It’s a pig’s life…

As we’ve already seen, pigs attract some very conflicting opinions and that theme continues.  Despite their reputation as dirty and wallowing in mud, they are clean animals and instead of smelling bad, they have an amazing sense of smell.  They are paradox after paradox!

Pigs are exceptionally intelligent, very inquisitive and highly social animals that actively interact with their environment when given a chance.  This sense of curiosity and their playful, lively nature combine with their brains resulting in excellent problem solving skills.  They are also emotional and have their own personalities:

“Pigs display consistent behavioral and emotional characteristics that have been described variously as personality. e.g., coping styles, response types, temperament, and behavioral tendencies.”
– Lori Marino and Christina M. Colvin

It is, in part, because of their intelligence that we have been able to work with them, such as in truffle hunting.  They use their snout, which is a precise hunting tool, to rustle out the prized truffles in the leaf litter.  They find the gold in the mud.  If you are reading this because an oracle card has come up, then it might be worth thinking about this in more depth.  Are you missing something because it is hidden? Are you working to find the good in bad situations?
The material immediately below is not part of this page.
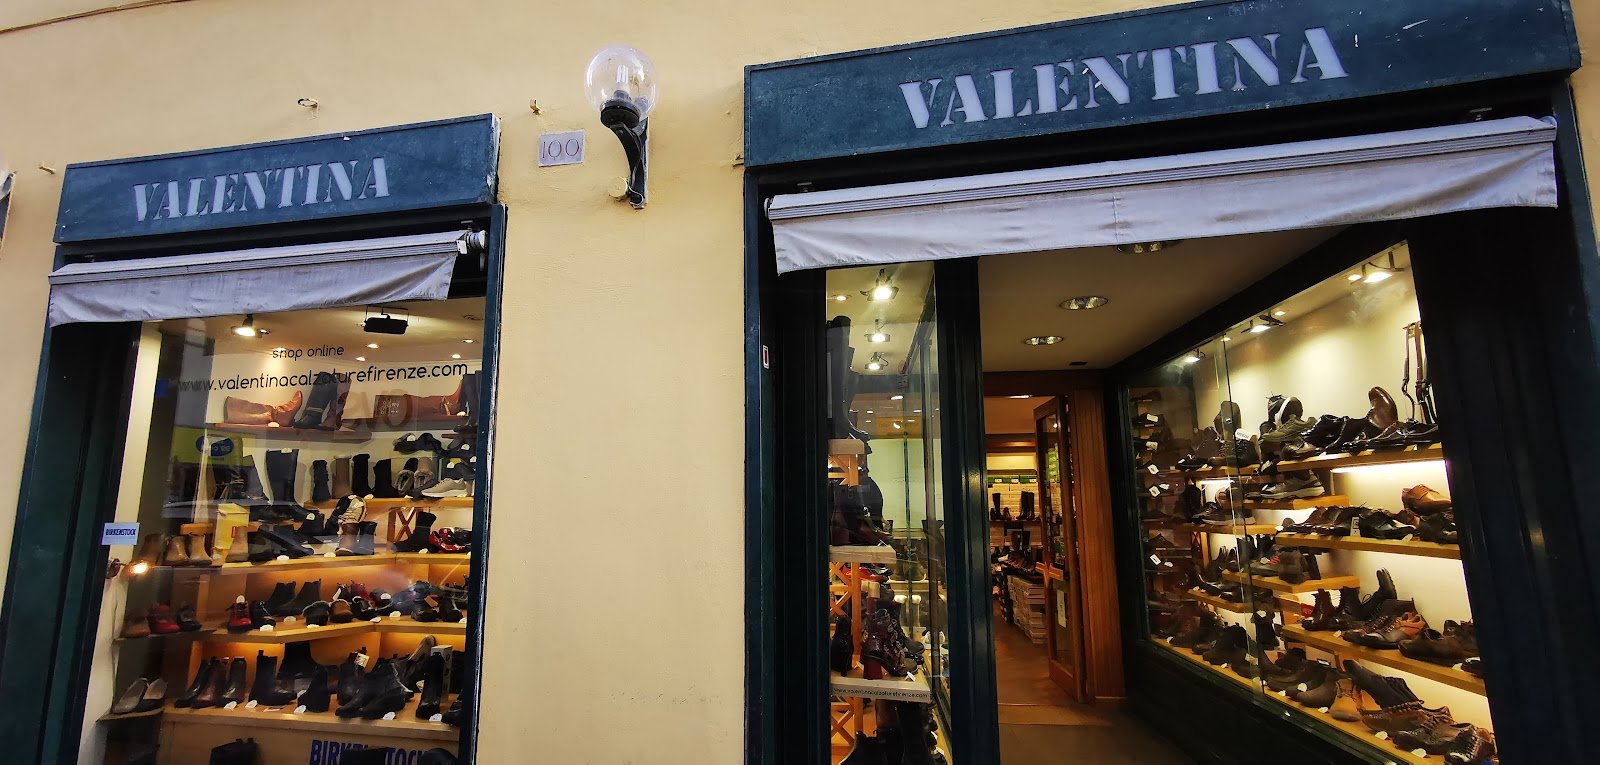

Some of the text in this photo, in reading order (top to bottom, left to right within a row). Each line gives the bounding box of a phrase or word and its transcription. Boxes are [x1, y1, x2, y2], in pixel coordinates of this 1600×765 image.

Pigs are also able to detect landmines using similar skills.  They have also been used to cheer people up by visiting retirement homes and hospitals, used in therapy and taken into classrooms to help children learn about animals.  According to the American Mini Pig Association:

“Pigs have been recognized by families of children with autism to help with vocalization and calming. Pigs have been known to detect low blood sugar in their owners with diabetes or detect and warn of oncoming seizures. They can ease anxiety and panic attacks and improve the symptoms of depression and Post Traumatic Stress Disorder in some individuals.”

And the benefits aren’t just to humans.  Pigs have been called the gardeners of the forest.  Their natural behaviour means they turn over leaf litter, rotivating and ploughing as they go about their day.  They also help with composting and spreading seeds, all of which are important to the ecosystem.
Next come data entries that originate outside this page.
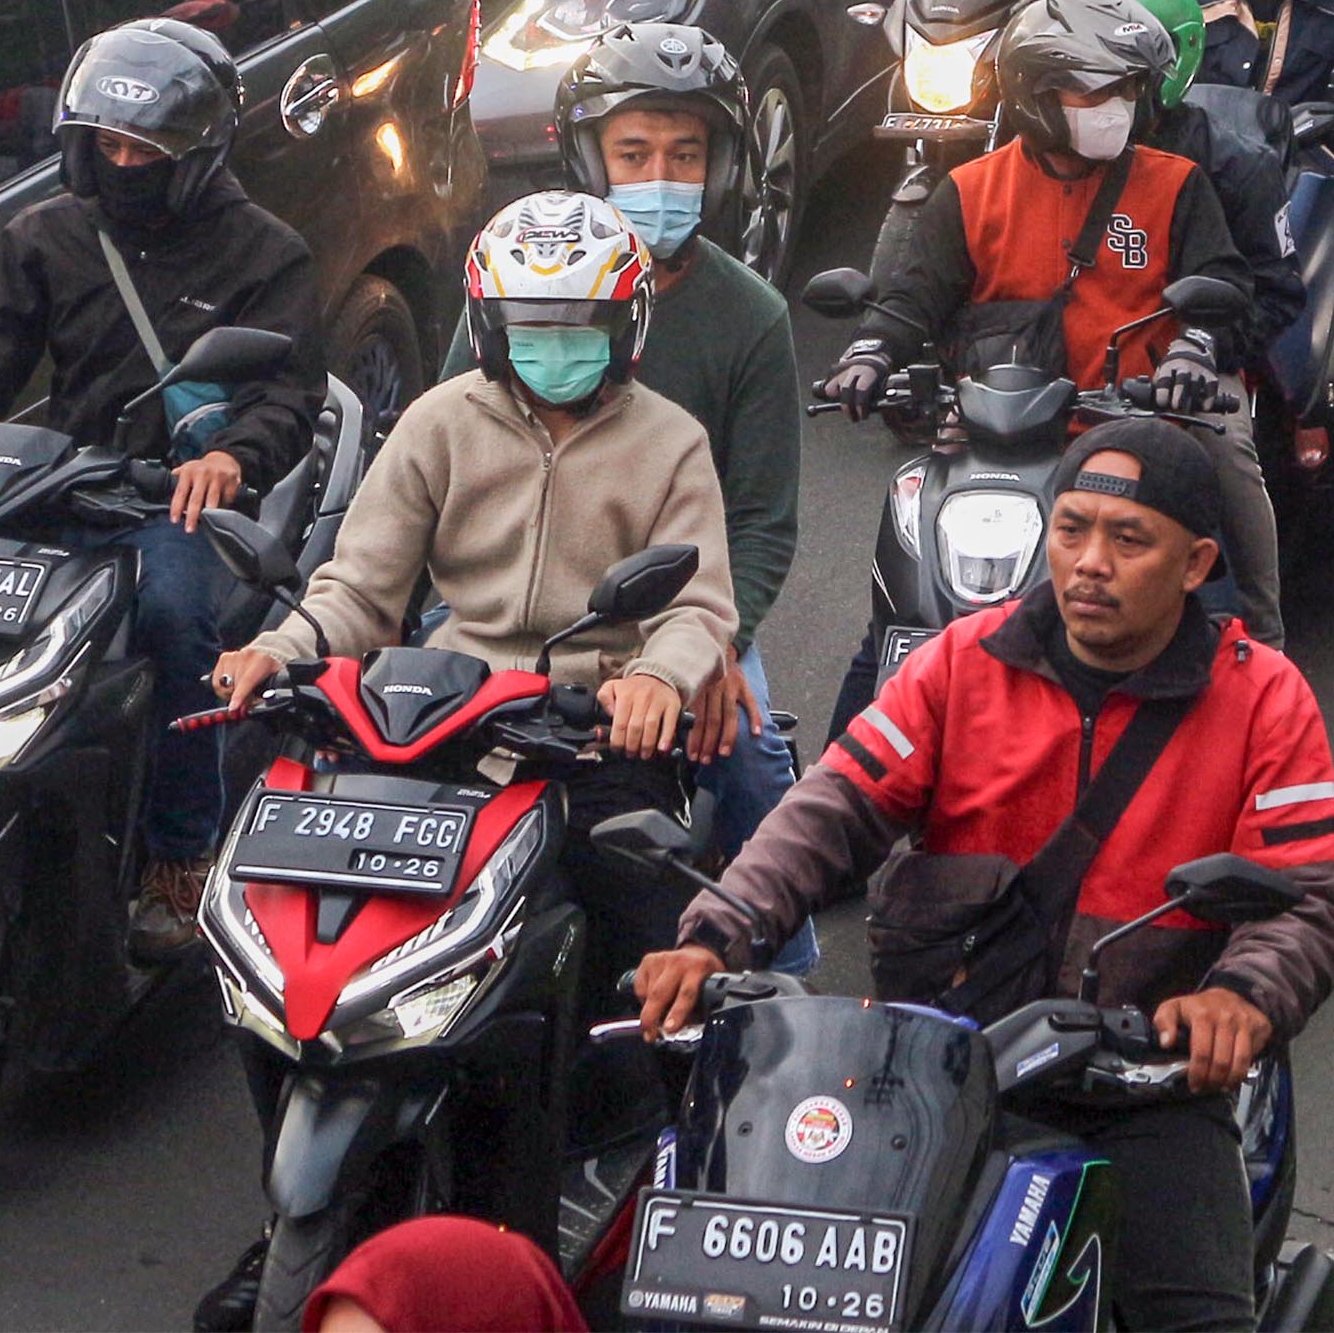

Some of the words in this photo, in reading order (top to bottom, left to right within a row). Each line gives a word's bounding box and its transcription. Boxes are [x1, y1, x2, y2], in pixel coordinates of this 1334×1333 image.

[1108, 213, 1148, 268] SB
[969, 473, 1020, 483] HONDA
[893, 639, 911, 663] F
[382, 684, 433, 696] HONDA
[257, 802, 281, 833] F
[295, 806, 375, 842] 2948
[393, 813, 459, 849] FGG
[1008, 1174, 1051, 1247] YAMAHA
[648, 1208, 676, 1252] F
[703, 1214, 805, 1265] 6606
[816, 1226, 899, 1275] AAB
[643, 1291, 698, 1314] YAMAHA
[759, 1315, 823, 1331] SEMAKIN
Finally, apparently I can’t write blog posts these days without diving into sex… So, when it comes to pigs, here’s a few interesting titbits…

  • At one point in recent history, England was exporting fresh and frozen pig seamen to china to be used to improve their stock
  • Boars produce a lot of seminal fluid, on average about 250ml per ejaculate (humans are a mere 2-4ml) and…
  • because of the amount of fluid being transferred, ejaculation alone takes about 15 minutes and the male can’t pull out part way through because…
  • it’s penis is shaped in such a way that after a few thrusts it gets sort of locked in… Only once the act is over, can he easily remove himself.
  • After all this, the sow will give birth three months, three weeks and three days later. I don’t know how spot on that its but the three times three of it pleases me and makes me wonder about the numerological meaning of three!